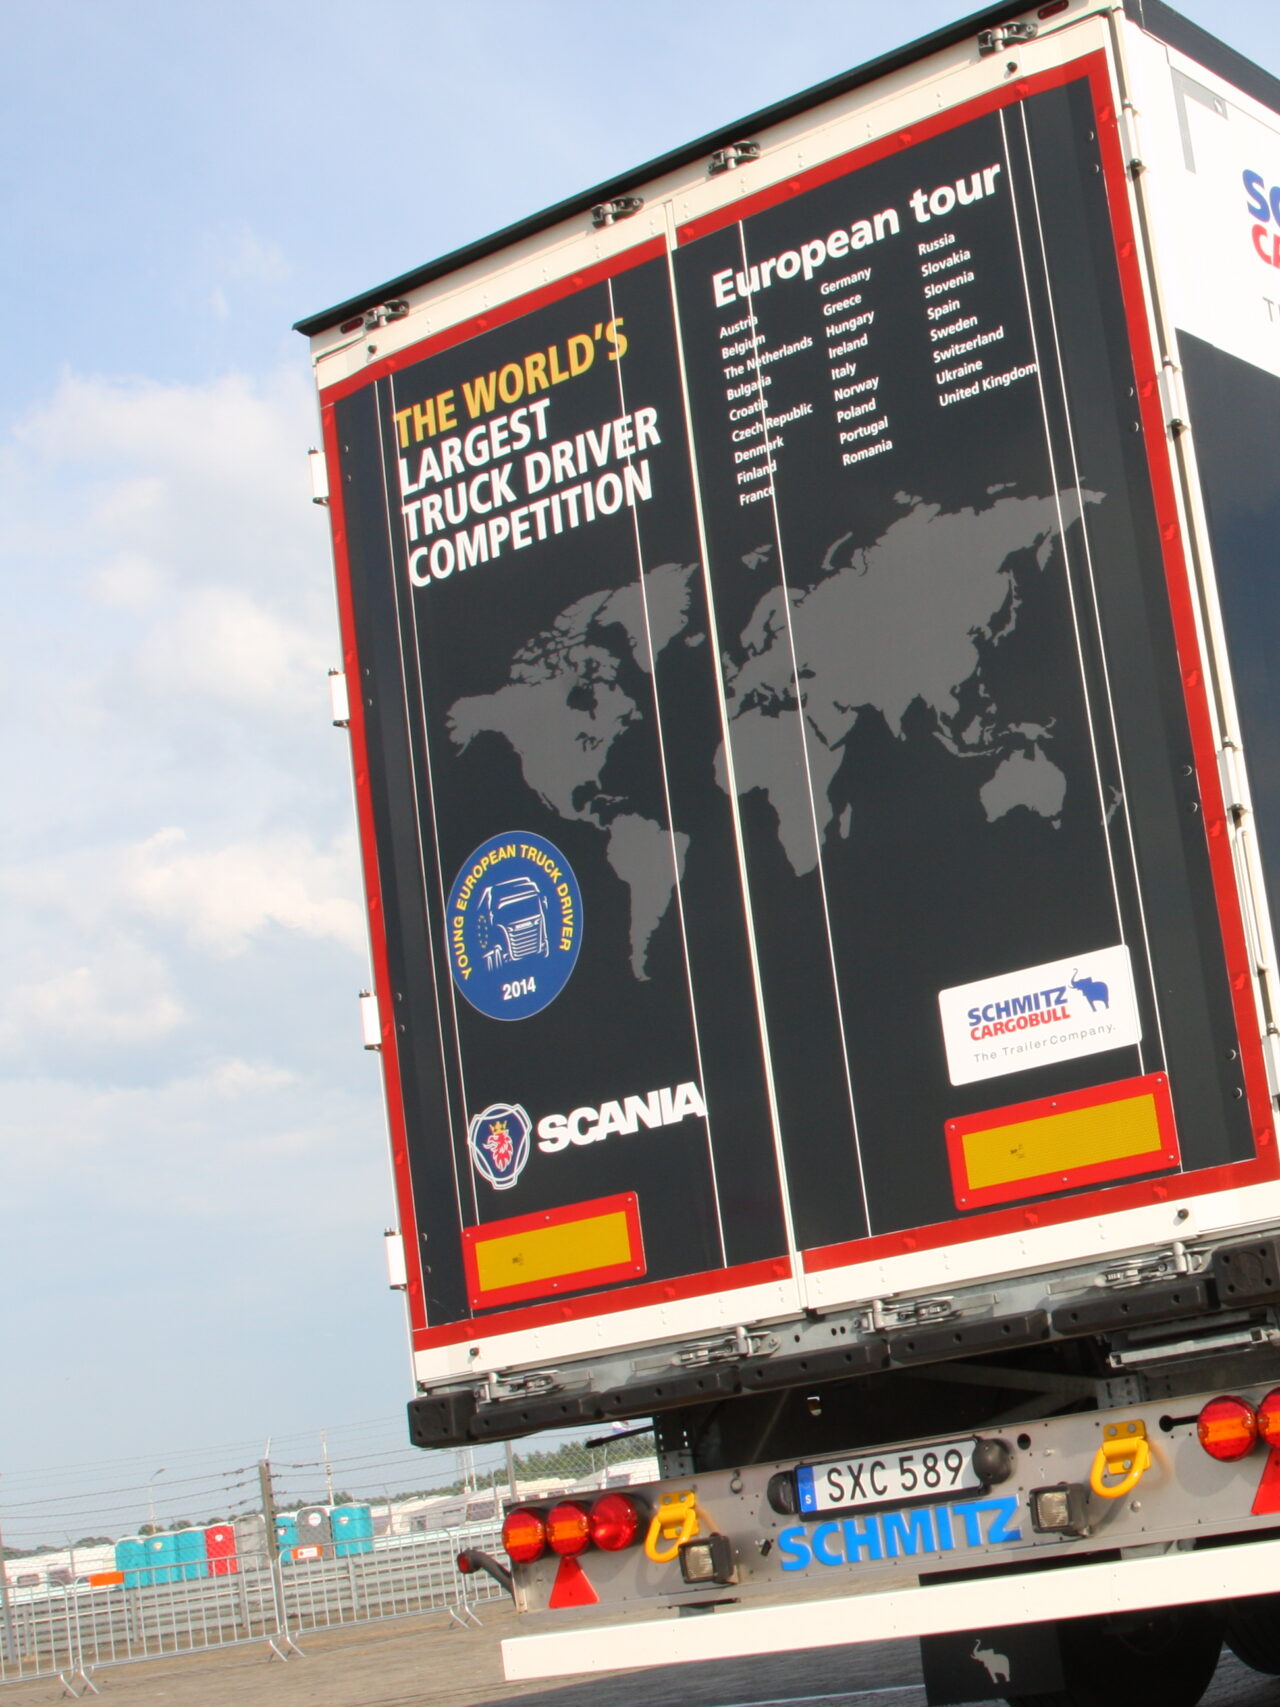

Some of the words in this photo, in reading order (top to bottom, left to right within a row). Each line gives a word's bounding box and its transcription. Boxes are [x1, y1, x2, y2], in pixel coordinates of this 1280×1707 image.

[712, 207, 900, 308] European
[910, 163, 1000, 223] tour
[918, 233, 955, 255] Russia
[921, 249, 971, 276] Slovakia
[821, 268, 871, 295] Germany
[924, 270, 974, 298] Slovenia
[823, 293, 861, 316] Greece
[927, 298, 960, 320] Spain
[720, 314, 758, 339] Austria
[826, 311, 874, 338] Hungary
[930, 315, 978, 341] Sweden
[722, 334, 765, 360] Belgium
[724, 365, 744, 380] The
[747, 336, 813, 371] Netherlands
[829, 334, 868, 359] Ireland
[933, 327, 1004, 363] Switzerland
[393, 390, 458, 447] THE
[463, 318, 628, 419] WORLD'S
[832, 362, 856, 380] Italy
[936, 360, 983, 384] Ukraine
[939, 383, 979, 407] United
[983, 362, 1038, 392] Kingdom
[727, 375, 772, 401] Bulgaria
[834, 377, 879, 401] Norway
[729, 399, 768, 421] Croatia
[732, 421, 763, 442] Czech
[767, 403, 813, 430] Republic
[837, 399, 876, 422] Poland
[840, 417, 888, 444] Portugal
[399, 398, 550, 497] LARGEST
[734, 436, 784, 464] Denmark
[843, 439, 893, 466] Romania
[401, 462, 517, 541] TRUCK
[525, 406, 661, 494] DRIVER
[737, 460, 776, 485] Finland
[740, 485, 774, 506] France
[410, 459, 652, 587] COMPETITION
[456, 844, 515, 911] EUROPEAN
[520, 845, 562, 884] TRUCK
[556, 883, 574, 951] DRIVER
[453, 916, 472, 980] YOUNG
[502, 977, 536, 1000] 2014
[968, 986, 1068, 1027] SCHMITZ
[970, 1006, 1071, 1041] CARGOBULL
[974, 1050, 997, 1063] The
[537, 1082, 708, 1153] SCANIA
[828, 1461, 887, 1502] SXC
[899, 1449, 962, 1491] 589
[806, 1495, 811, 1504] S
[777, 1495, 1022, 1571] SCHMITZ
-----
> [Prompt]: Whenever a line of the records holds the string "SCHMITZ", pick it out and copy it.

> [Finished task]:
[968, 986, 1068, 1027] SCHMITZ
[777, 1495, 1022, 1571] SCHMITZ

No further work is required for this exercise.